Il progetto Scuola elevata al lavoro e un esempio efficace dell’impegno del Sistema camerale per promuovere l’orientamento scolastico-professionale e l’alternanza scuola-lavoro. Lo scorso anno, le sole iniziative nel campo dell’alternanza formativa realizzate dalle Camere di commercio hanno coinvolto quasi 24mila studenti, intensificando l’interscambio di saperi e relazioni tra mondo della scuola e delle imprese. Un’attivita che si inserisce in quella piu ampia della formazione, dell’orientamento e del lavoro per valorizzare e far crescere il capitale umano e professionale, di giovani ed adulti, nonche per migliorare e rendere piu stretto il collegamento tra i canali formativi e le esigenze del tessuto imprenditoriale e dei territori. Sono state poi 67 le strutture camerali che hanno realizzato o promosso lo scorso anno servizi e attivita d’informazione e orientamento per la formazione e il lavoro, raggiungendo una platea di destinatari in continua crescita. Nel 2011 complessivamente 64mila utenti: studenti delle scuole superiori (55%), studenti delle scuole medie inferiori (circa 16%), lavoratori in C.I.G. o mobilita, persone inoccupate o disoccupate (18%, in netto aumento rispetto all’anno precedente), lavoratori autonomi e imprenditori (aspiranti, nuovi o gia in attivita, che superano in complesso il 5%). Uno sforzo congiunto del mondo camerale che ha dato il via a 3.700 azioni di formazione per un totale di oltre 125.000 ore di lezione, tra corsi e seminari, in favore di circa 81.000 allievi.

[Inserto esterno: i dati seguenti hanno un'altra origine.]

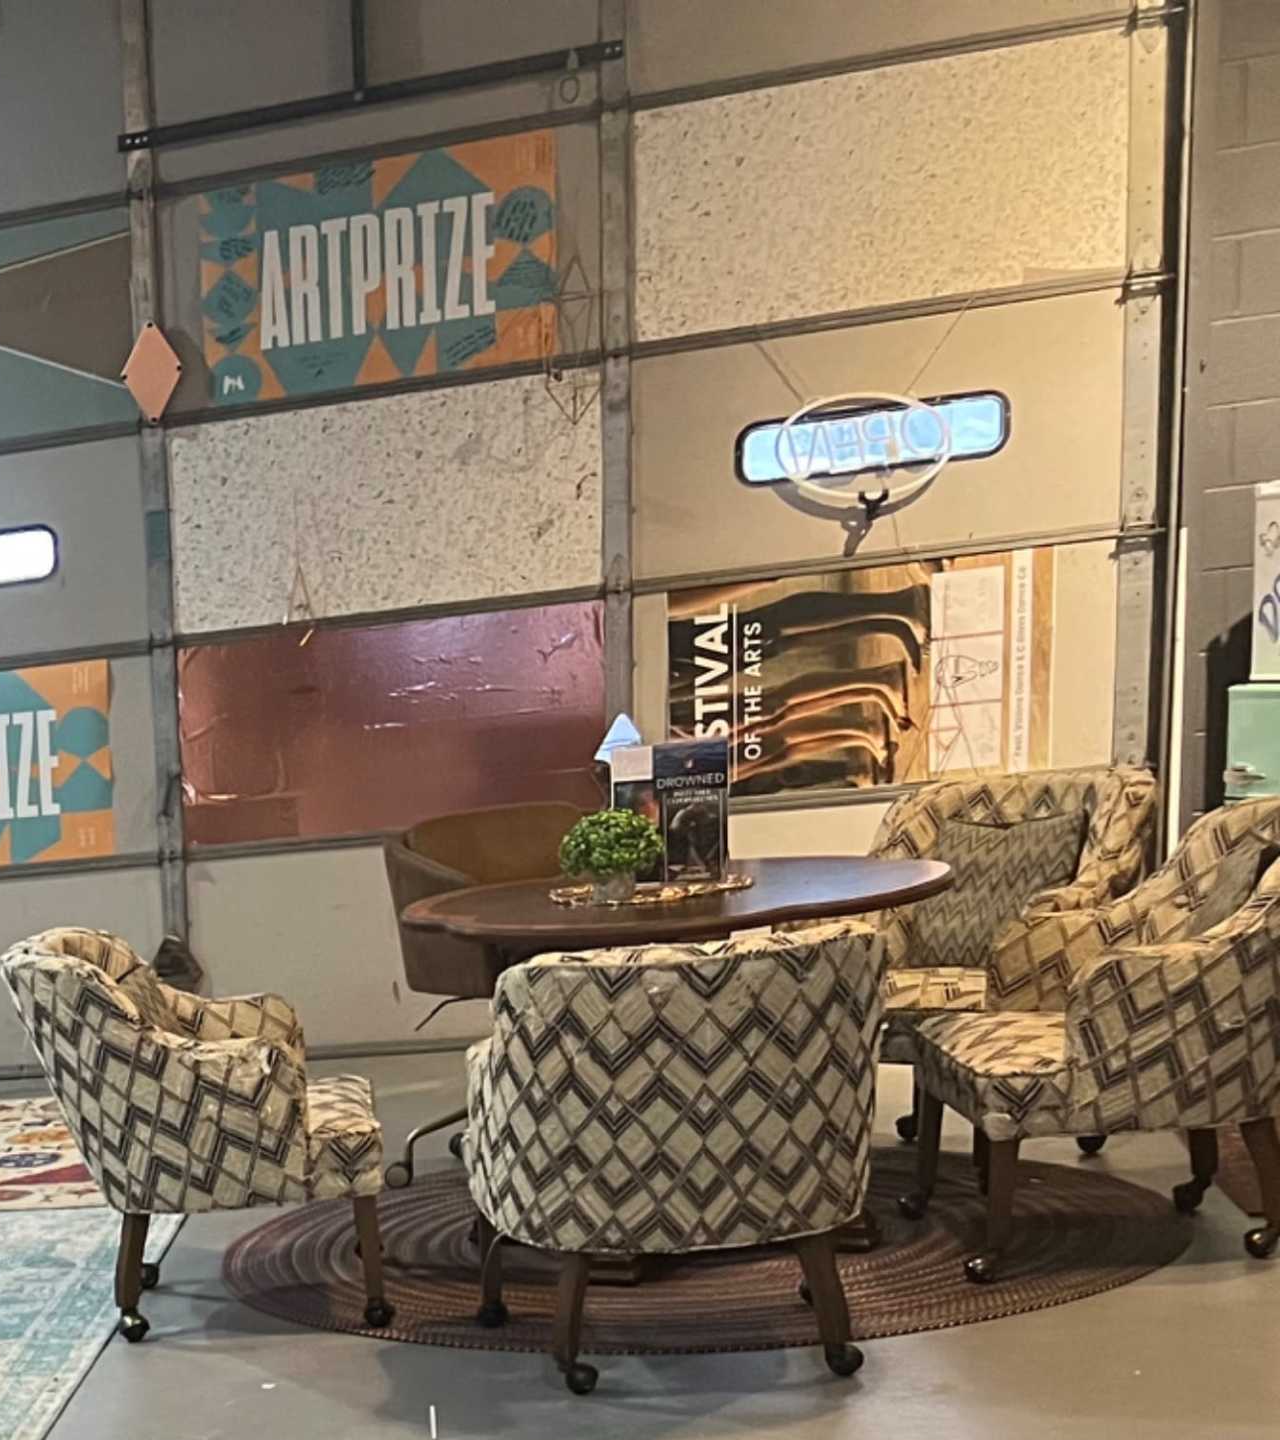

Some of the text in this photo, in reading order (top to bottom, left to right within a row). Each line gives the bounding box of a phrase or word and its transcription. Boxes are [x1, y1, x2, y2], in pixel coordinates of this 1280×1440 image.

Tutto quanto sopra con un intervento economico complessivo di oltre 30milioni di euro, ai quali sono da aggiungere circa 10milioni di euro specificamente destinati ai servizi per lo start up di nuove imprese.

E che sia oggi fondamentale per i giovani avere contatti con il mondo del lavoro, sia per operare scelte di studio consapevoli delle opportunita presenti sul mercato, sia per farsi conoscere dalle imprese, e piu che mai evidente dai dati rilevati nell’ambito del Sistema informativo Excelsior di Unioncamere e Ministero del Lavoro. Che mostrano come nel 2011 le imprese dell’industria e dei servizi abbiano ospitato 307.250 stage e tirocini, il 40% di un mese, il 60% di una durata maggiore. Risultato? Complessivamente, le imprese sono disponibili ad assumere l’11% di tutti gli stagisti che hanno avuto modo di conoscere e testare, ma questa propensione si amplia notevolmente per le aziende medio-grandi.